Lecture 5: GFS & HDFS! Claudia Hauff (Web Information Systems)! [email protected]
Big Data Processing, 2014/15 Lecture 5: GFS & HDFS!! Claudia Hauff (Web Information Systems)! [email protected] 1 Course content Introduction Data streams 1 & 2 The MapReduce paradigm Looking behind
Conjugating data mood and tenses: Simple past, infinite present, fast continuous, simpler imperative, conditional future perfect
Matteo Migliavacca (mm53@kent) School of Computing Conjugating data mood and tenses: Simple past, infinite present, fast continuous, simpler imperative, conditional future perfect Simple past - Traditional
An Oracle White Paper June 2012. High Performance Connectors for Load and Access of Data from Hadoop to Oracle Database
An Oracle White Paper June 2012 High Performance Connectors for Load and Access of Data from Hadoop to Oracle Database Executive Overview... 1 Introduction... 1 Oracle Loader for Hadoop... 2 Oracle Direct
Using In-Memory Computing to Simplify Big Data Analytics
SCALEOUT SOFTWARE Using In-Memory Computing to Simplify Big Data Analytics by Dr. William Bain, ScaleOut Software, Inc. 2012 ScaleOut Software, Inc. 12/27/2012 T he big data revolution is upon us, fed
Data Warehousing and Analytics Infrastructure at Facebook. Ashish Thusoo & Dhruba Borthakur athusoo,[email protected]
Data Warehousing and Analytics Infrastructure at Facebook Ashish Thusoo & Dhruba Borthakur athusoo,[email protected] Overview Challenges in a Fast Growing & Dynamic Environment Data Flow Architecture,
Log Mining Based on Hadoop s Map and Reduce Technique
Log Mining Based on Hadoop s Map and Reduce Technique ABSTRACT: Anuja Pandit Department of Computer Science, [email protected] Amruta Deshpande Department of Computer Science, [email protected]

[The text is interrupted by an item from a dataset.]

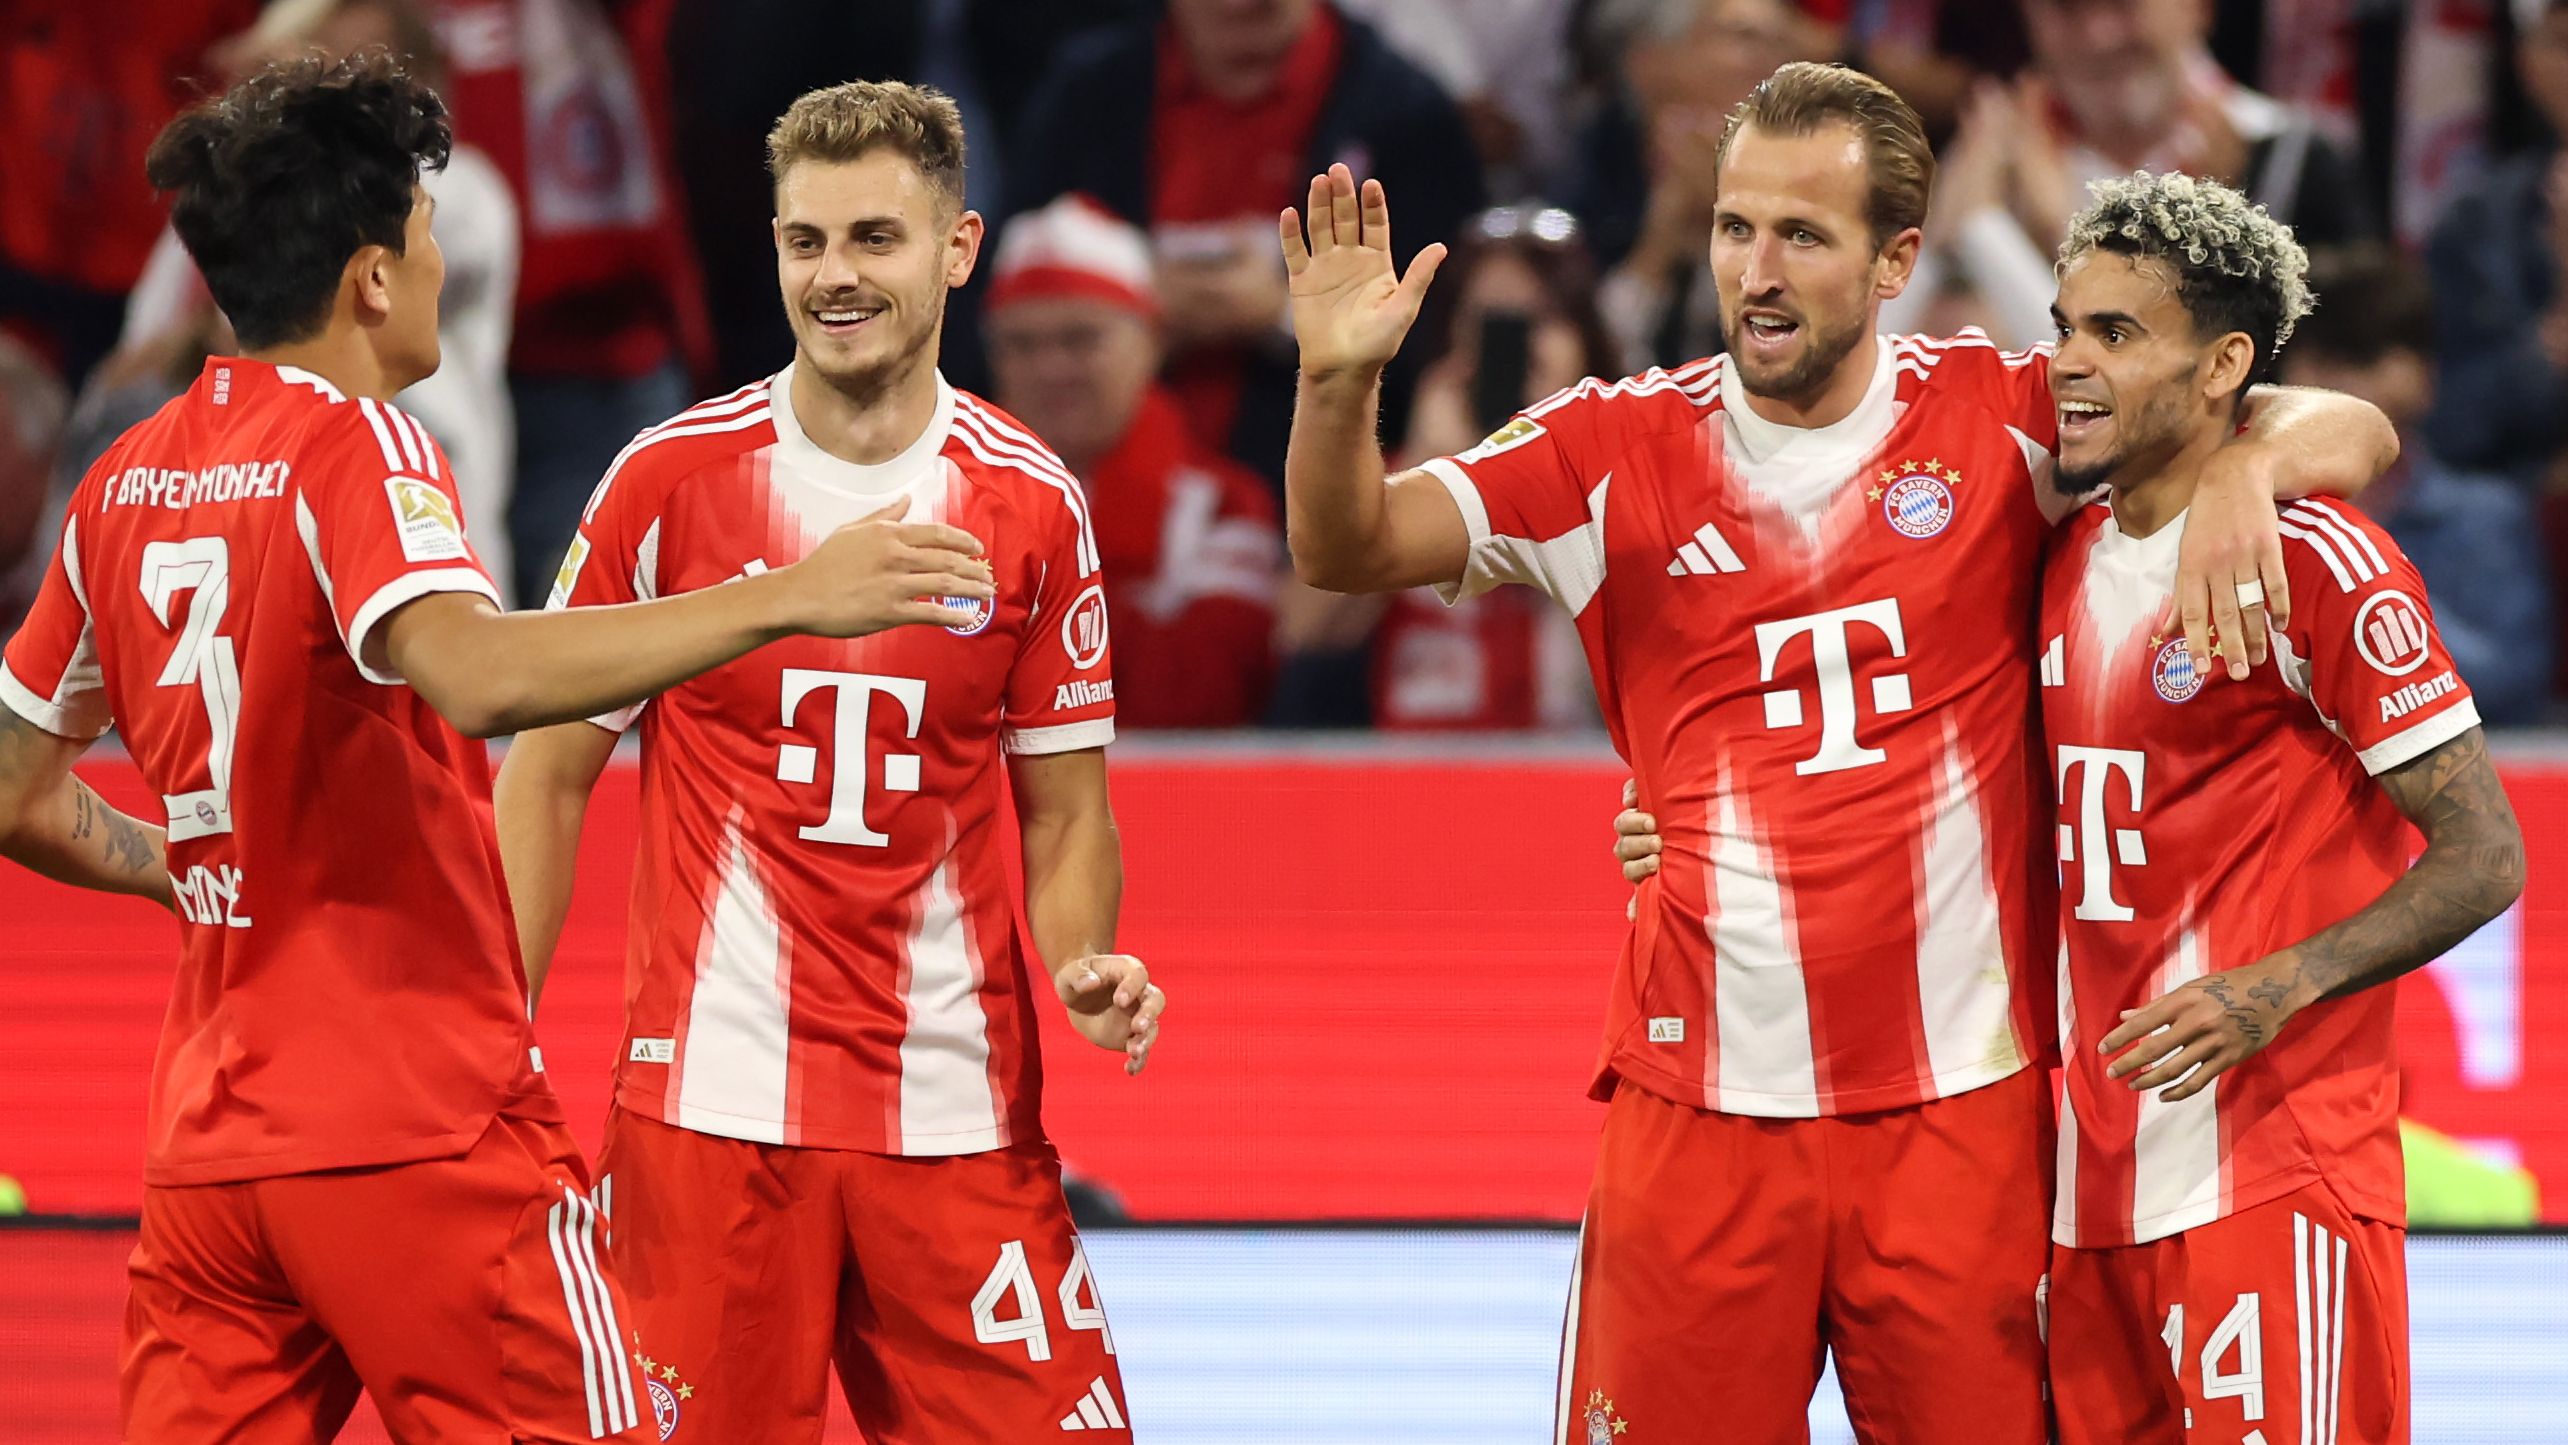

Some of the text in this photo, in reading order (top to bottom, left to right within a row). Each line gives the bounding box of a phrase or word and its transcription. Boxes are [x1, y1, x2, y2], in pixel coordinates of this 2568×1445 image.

Challenges for Data Driven Systems
Challenges for Data Driven Systems Eiko Yoneki University of Cambridge Computer Laboratory Quick History of Data Management 4000 B C Manual recording From tablets to papyrus to paper A. Payberah 2014 2
Comp 5311 Database Management Systems. 16. Review 2 (Physical Level)
Comp 5311 Database Management Systems 16. Review 2 (Physical Level) 1 Main Topics Indexing Join Algorithms Query Processing and Optimization Transactions and Concurrency Control 2 Indexing Used for faster
Hadoop MapReduce over Lustre* High Performance Data Division Omkar Kulkarni April 16, 2013
Hadoop MapReduce over Lustre* High Performance Data Division Omkar Kulkarni April 16, 2013 * Other names and brands may be claimed as the property of others. Agenda Hadoop Intro Why run Hadoop on Lustre?
Parallelizing Structural Joins to Process Queries over Big XML Data Using MapReduce
Parallelizing Structural Joins to Process Queries over Big XML Data Using MapReduce Huayu Wu Institute for Infocomm Research, A*STAR, Singapore [email protected] Abstract. Processing XML queries over
MapReduce and Hadoop. Aaron Birkland Cornell Center for Advanced Computing. January 2012
MapReduce and Hadoop Aaron Birkland Cornell Center for Advanced Computing January 2012 Motivation Simple programming model for Big Data Distributed, parallel but hides this Established success at petabyte
Sector vs. Hadoop. A Brief Comparison Between the Two Systems
Sector vs. Hadoop A Brief Comparison Between the Two Systems Background Sector is a relatively new system that is broadly comparable to Hadoop, and people want to know what are the differences. Is Sector
Constructing a Data Lake: Hadoop and Oracle Database United!
Constructing a Data Lake: Hadoop and Oracle Database United! Sharon Sophia Stephen Big Data PreSales Consultant February 21, 2015 Safe Harbor The following is intended to outline our general product direction.